Your task is to repeat the entries word for word while leaving out the pictures.
--- EXCERPTED RECORDS ---
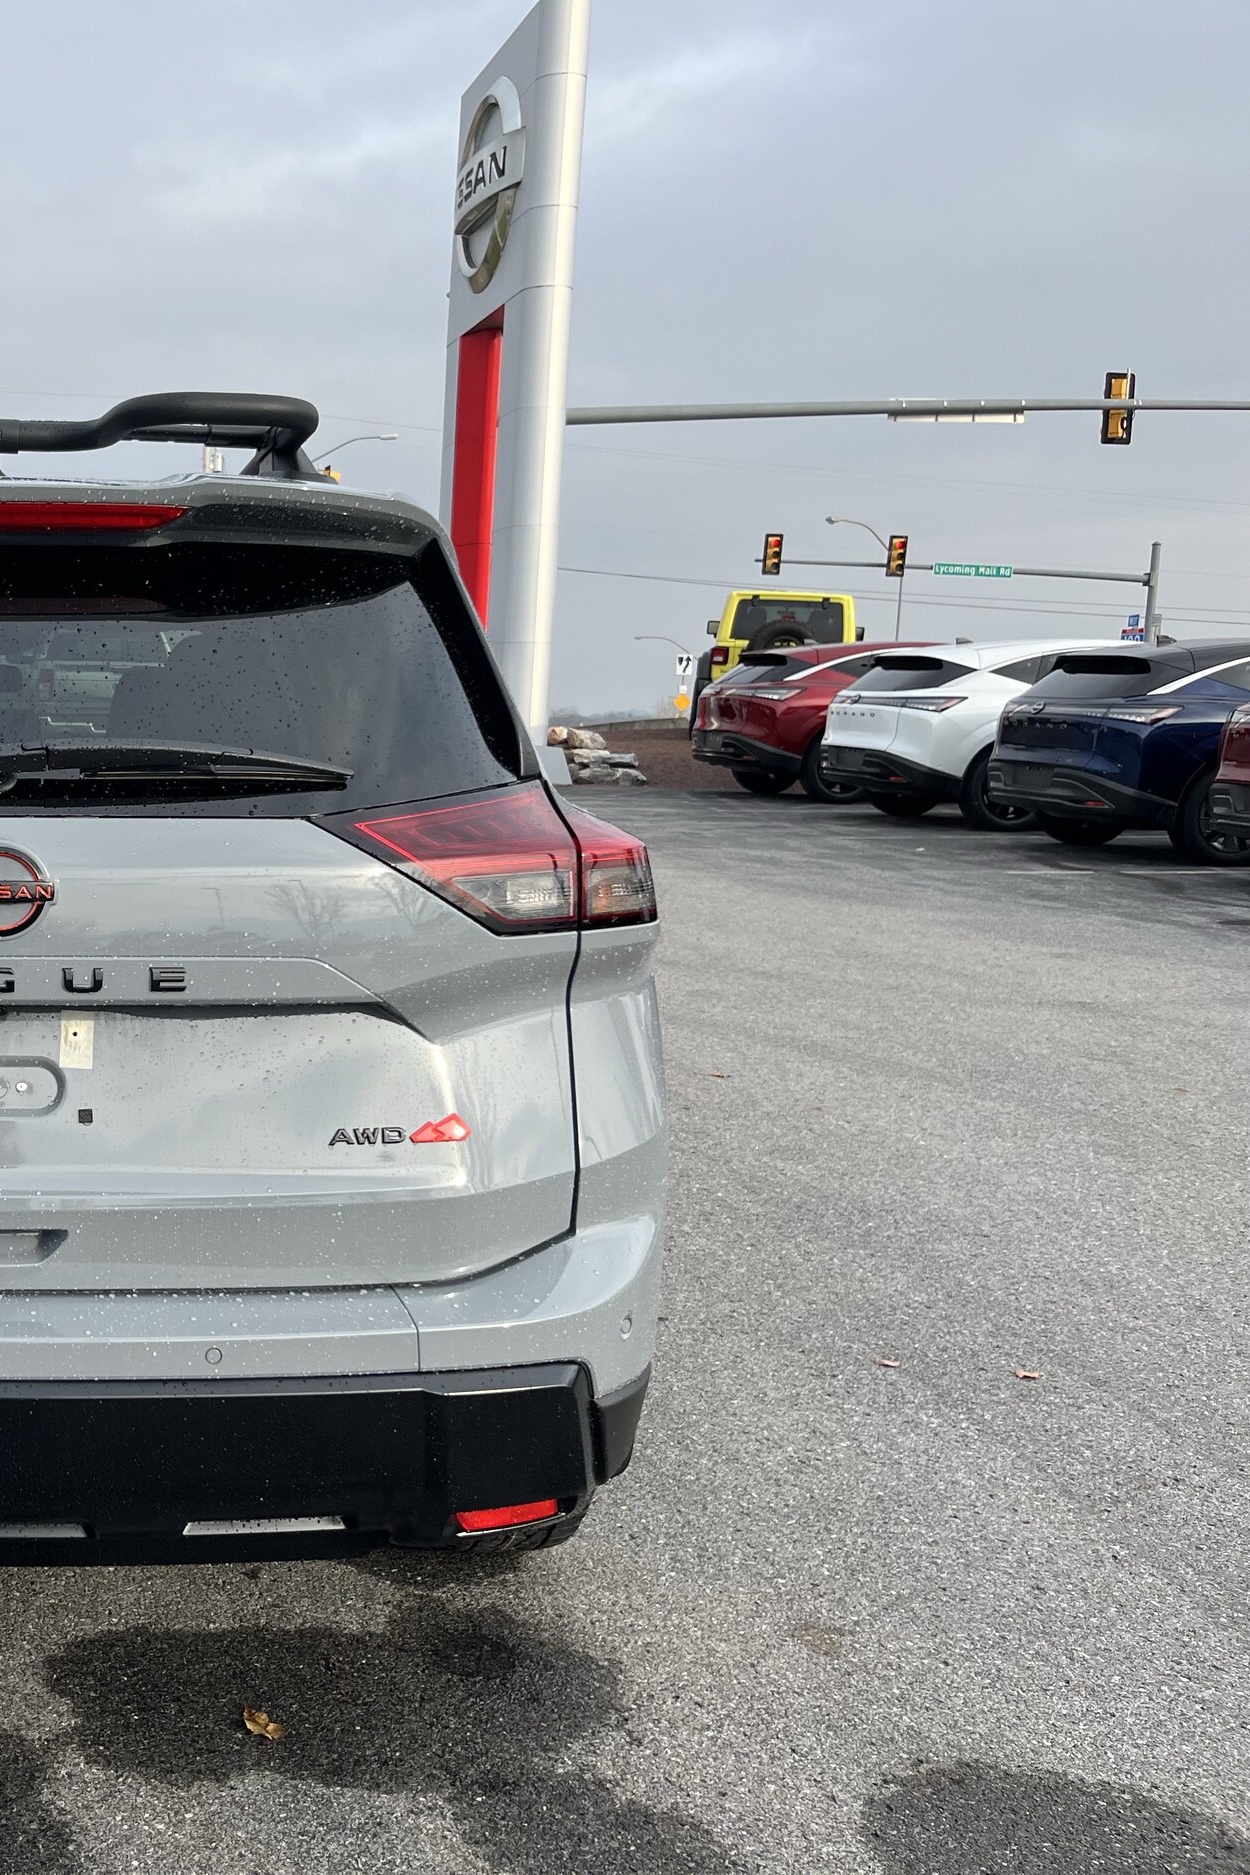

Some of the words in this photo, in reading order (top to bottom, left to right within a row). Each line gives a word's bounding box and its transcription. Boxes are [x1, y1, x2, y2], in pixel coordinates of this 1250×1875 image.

[935, 564, 975, 576] Lycoming
[978, 565, 996, 576] Mall
[999, 567, 1011, 577] Rd
[328, 1127, 406, 1146] AWD
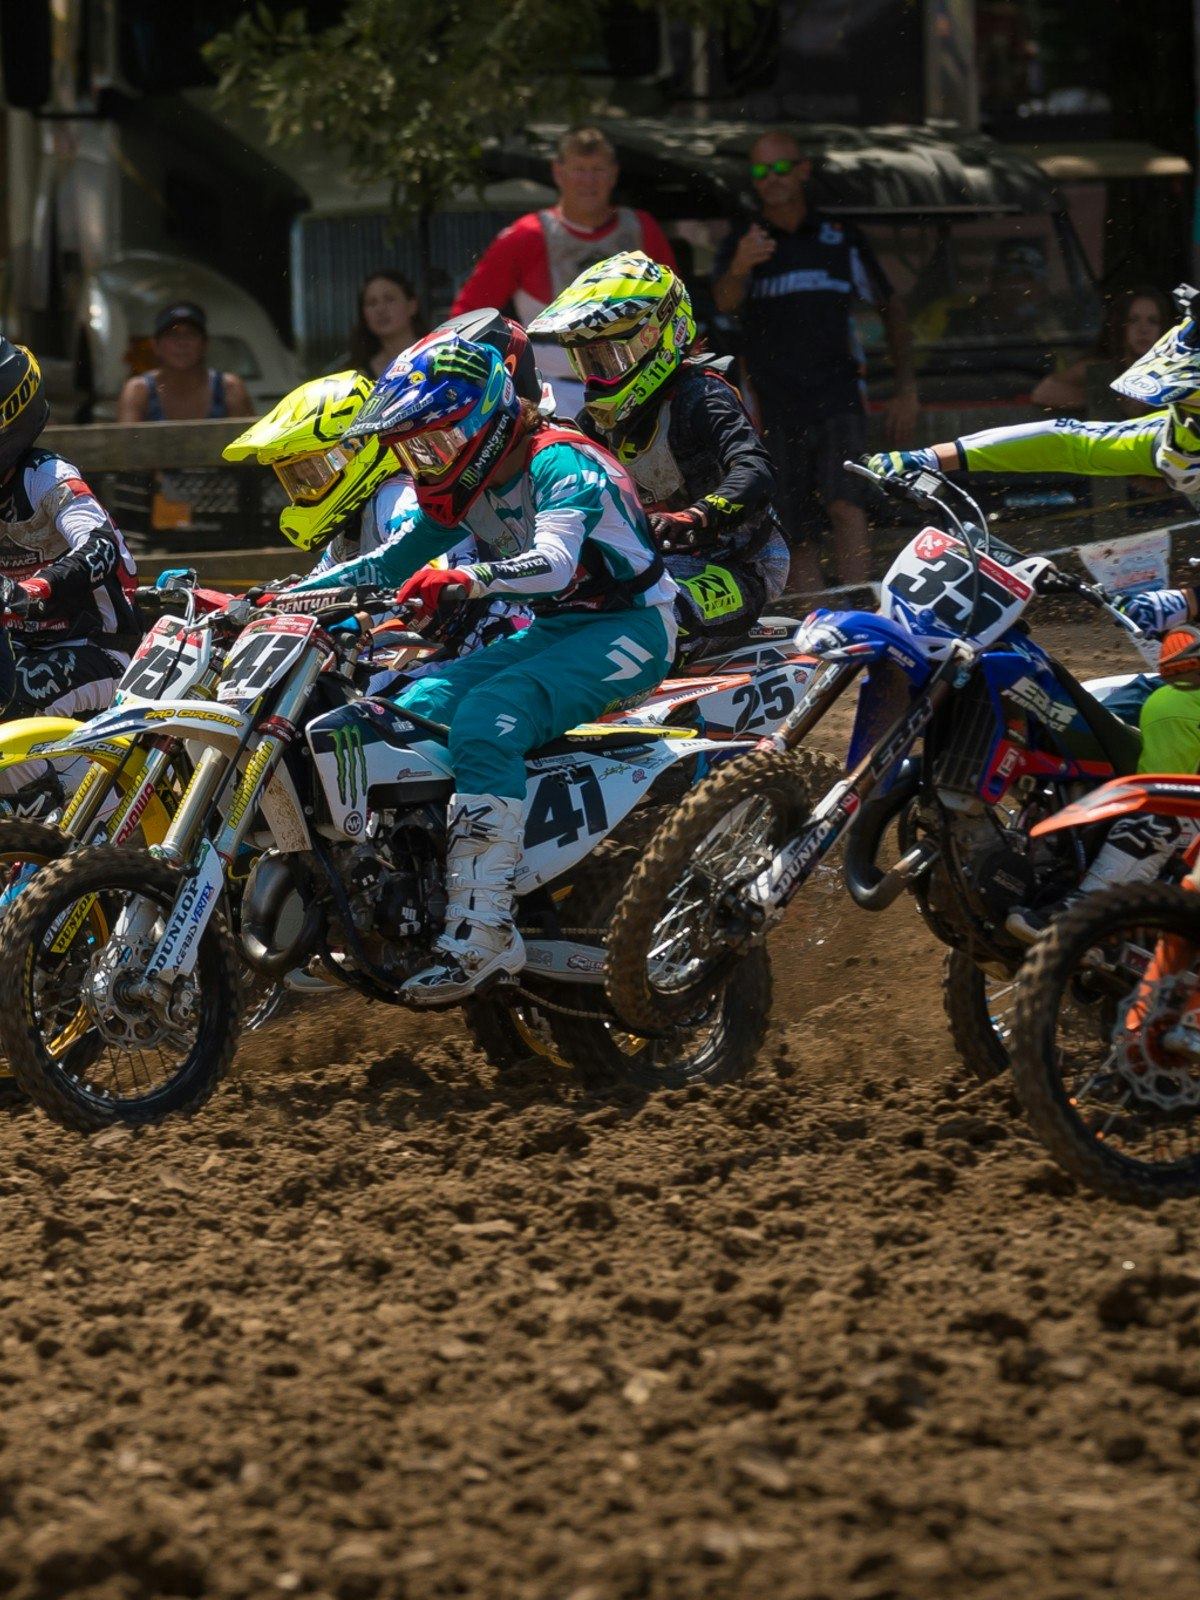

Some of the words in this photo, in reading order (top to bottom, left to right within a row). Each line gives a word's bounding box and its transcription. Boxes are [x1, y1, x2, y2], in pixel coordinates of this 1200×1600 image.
---
• _RESULT FOR THIS EXERCISE_
Some of the words in this photo, in reading order (top to bottom, left to right within a row). Each line gives a word's bounding box and its transcription. Boxes are [x1, y1, x2, y2], in pixel coordinates of this 1250×1875 image.

[935, 564, 975, 576] Lycoming
[978, 565, 996, 576] Mall
[999, 567, 1011, 577] Rd
[328, 1127, 406, 1146] AWD

Some of the words in this photo, in reading order (top to bottom, left to right within a row). Each line gives a word's bounding box and its transcription. Boxes are [x1, y1, x2, y2], in pixel coordinates of this 1200×1600 image.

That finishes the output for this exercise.